Julie Swoap is a widowed mother of three girls. Her 20 year-old daughter Anja Beth attends Macalester College in St. Paul. Her two other daughters go to EHS. Swoap begins our conversation with a chuckle–Anja Beth apparently heard this reporter’s recorded telephone message, asking Swoap if she had any advice about how parents can best help their children in college planning. “Hah!” Anja Beth reportedly told her mother. “You didn’t help me at all!”
Swoap begs to differ. “I am the logistical planner,” she says, particularly regarding college campus road trips. It’s her job to help her kids get a feel for the kinds of schools out there: urban, rural, large, small. She advises her girls that they are going to get an education anywhere they go, so it’s wise to take stock of other students at the school. On one beautiful campus both Swoap and her daughter noted, entirely independently of each other, that the students seemed unhappy. Ask your kids, says Swoap, “Are these the kinds of people you want to spend the next four years with?” As for additional help in her daughters’ choice of college, Swoap is adamant, “This is their first adult decision. Let them do it.”
Expect initiative…
Joan White and husband Ed Cohen have a son (Will) at the University of Michigan, another (Luke) who is a senior at EHS and a daughter (Catherine), a junior at Holy Angels. White says her boys were very independent in their college searches and that each has always had an “I’ll do this myself” attitude. Assuming their children would take the initiative in making their own college plans has long been these parents’ expectation. However, White is quick to point out that “If a child isn’t taking the initiative, it’s a delicate balance. Some of their hesitation could be that they’re nervous because it’s a big decision, probably the biggest he or she has ever made.” Even her highly independent boys occasionally balked at some of the hoops college applications make kids jump through. “Sometimes they resisted writing yet another essay,” she says. When resistance arose, they talked it out–how, for example, a broader picture of an applicant might be seen in an essay than in just academic track record and test scores. And while “Will kind of knew” what he’d like to study in college, “Luke is less sure, although he’d like to play lacrosse,” White says. One thing that surprised her “was that if a college coach was interested in him, at least at the Division III level, that coach communicated directly with Luke. As a result, it’s important to keep the lines of communication open so we knew what was going on. If an offer came, it was our job as parents to help him determine if the school was a good fit; however, the decision was and is ultimately his.”

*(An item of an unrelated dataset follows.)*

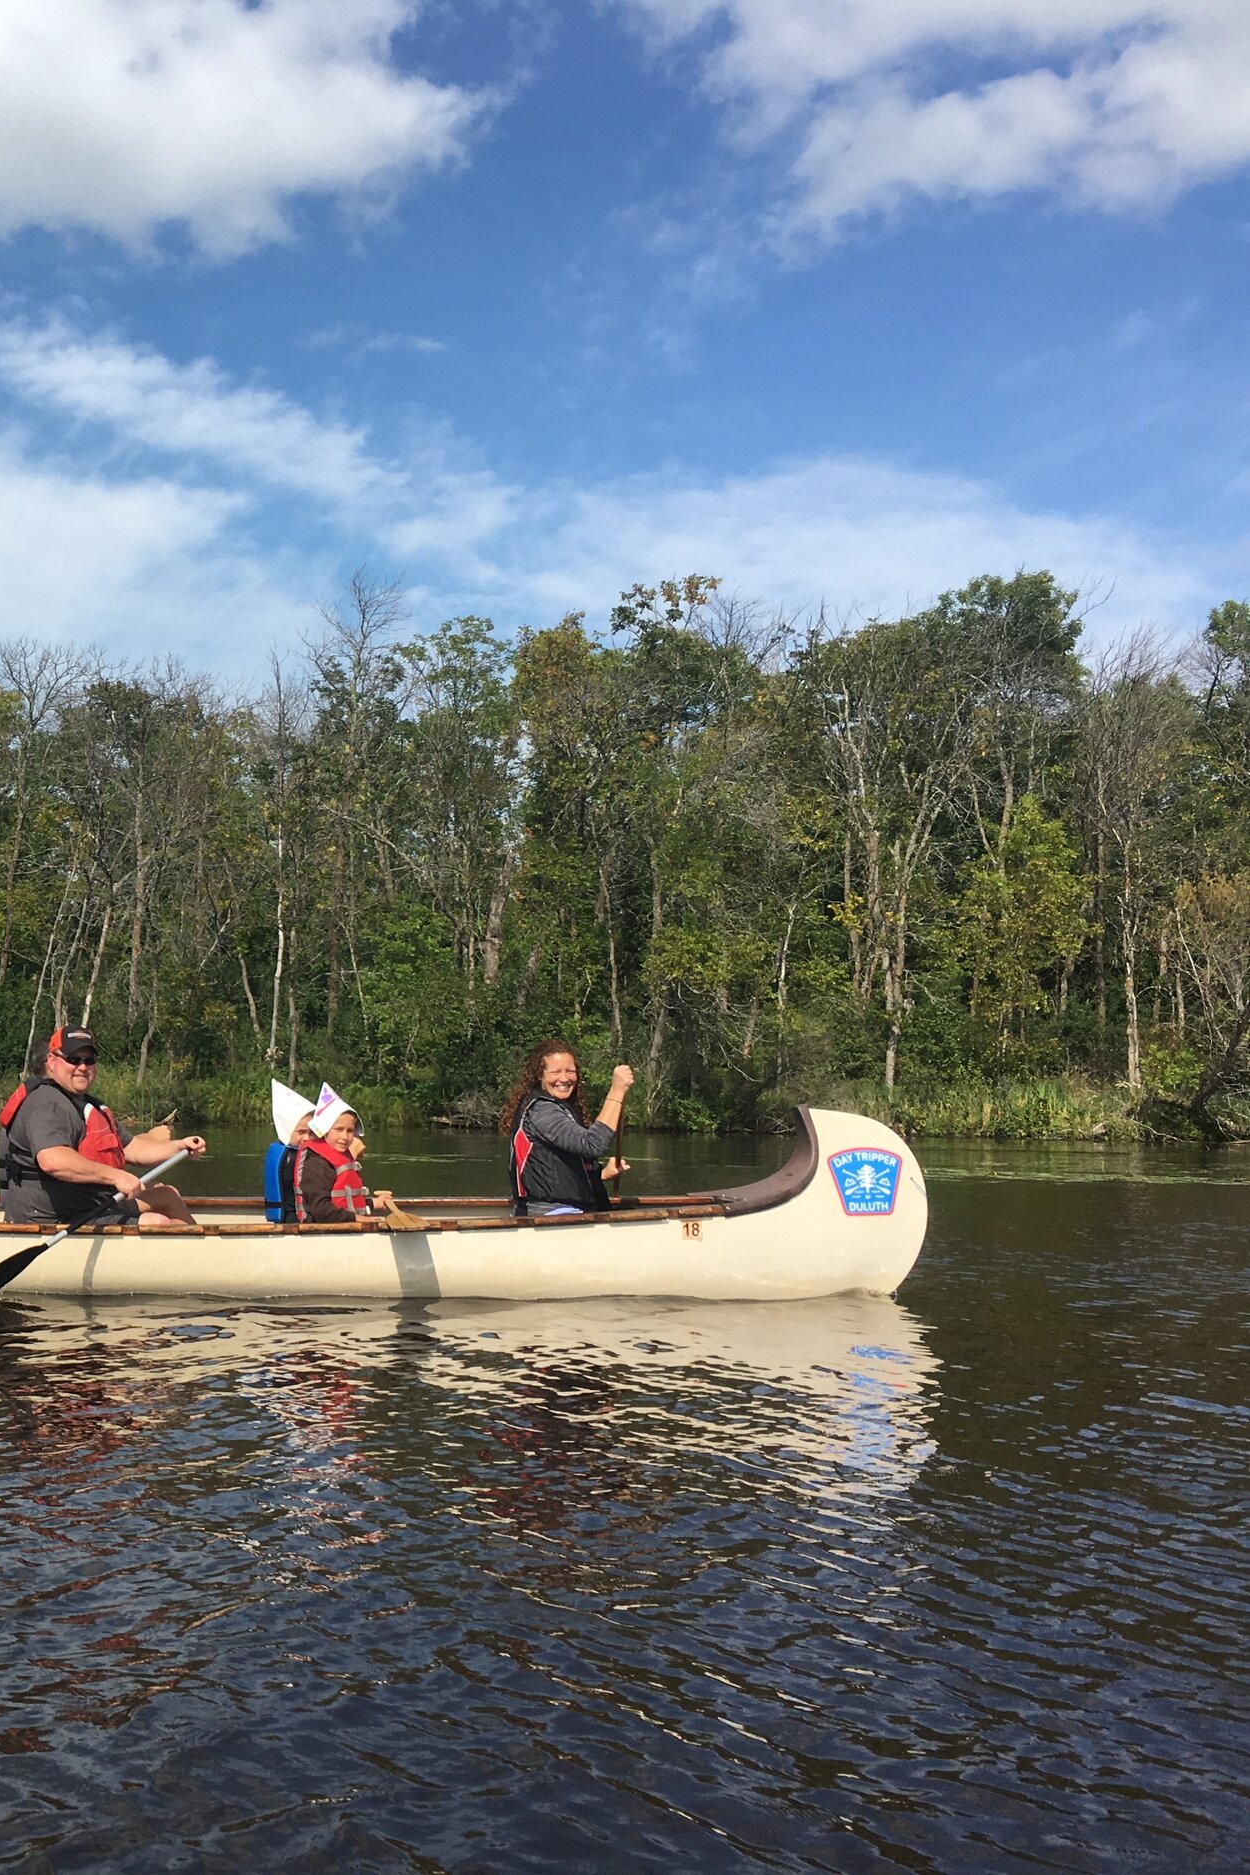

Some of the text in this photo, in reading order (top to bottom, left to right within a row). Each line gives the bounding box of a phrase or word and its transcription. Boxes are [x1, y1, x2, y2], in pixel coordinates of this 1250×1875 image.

[833, 1151, 897, 1168] DAY TRIPPER
[848, 1201, 889, 1212] DULUTH
[682, 1222, 700, 1237] 18
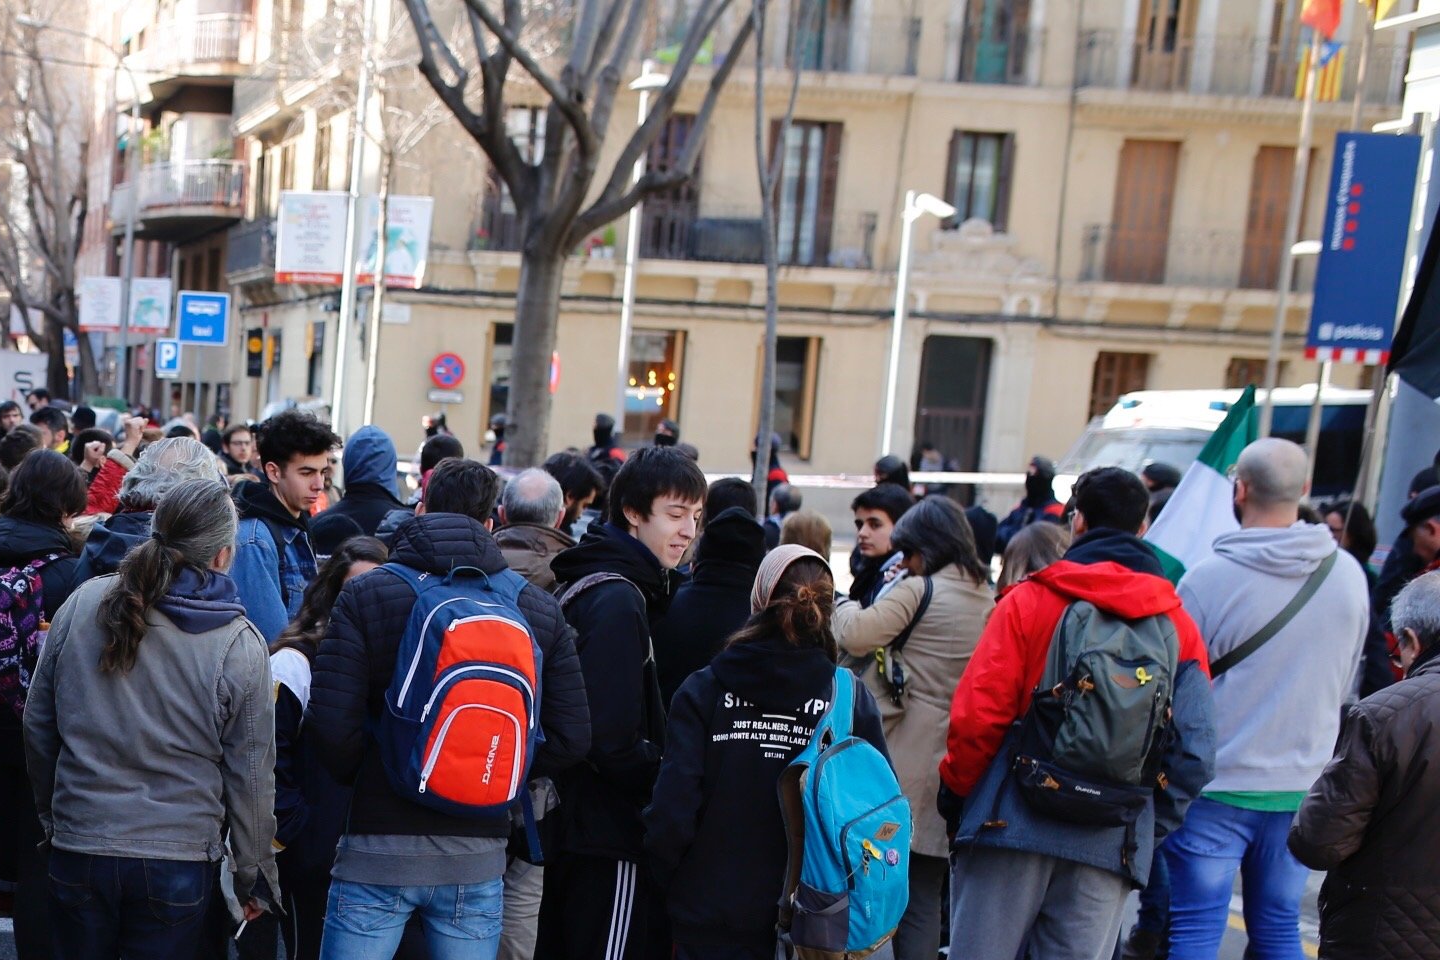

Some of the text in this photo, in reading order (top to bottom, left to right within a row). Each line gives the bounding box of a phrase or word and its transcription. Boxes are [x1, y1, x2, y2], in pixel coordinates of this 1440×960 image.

And be ready with the occasional “push.”
Krista Gresham’s son Andrew is a sophomore at Indiana University and her daughter, Leah, is a senior at EHS. “Andrew struggled for a long time even talking about college,” says Gresham. “He may not have wanted to give up high school.” At a low point in January of the year he graduated, Gresham demanded “he give me his top five college choices,” so that they could plan college visits and look at the financial picture. He ended up extending his applications from two to five schools. Like Luke Cohen with lacrosse, college touring for Andrew, who plays soccer, was often associated with sports tournaments. That’s also the case for Leah, who is a light-weight rower interested in engineering. An issue peculiar to her situation is a limited number of colleges offering both opportunities, with a preponderance of very academically challenging schools among them. Gresham says assisting Leah with her college search has been “more collaborative” than her experience with Andrew, but that, as with Luke Cohen, much of the sport-oriented strategy has been between Leah and her rowing coach.
What really matters?
A final observation of Goldstein’s comes from a college campus visit with one of his sons to a “good, but not Ivy League” school. “We listened to a student speak about some really amazing experiences she’d had at and through that college. When I came home, I realized how little it really matters where you go. What matters is what you do with it.”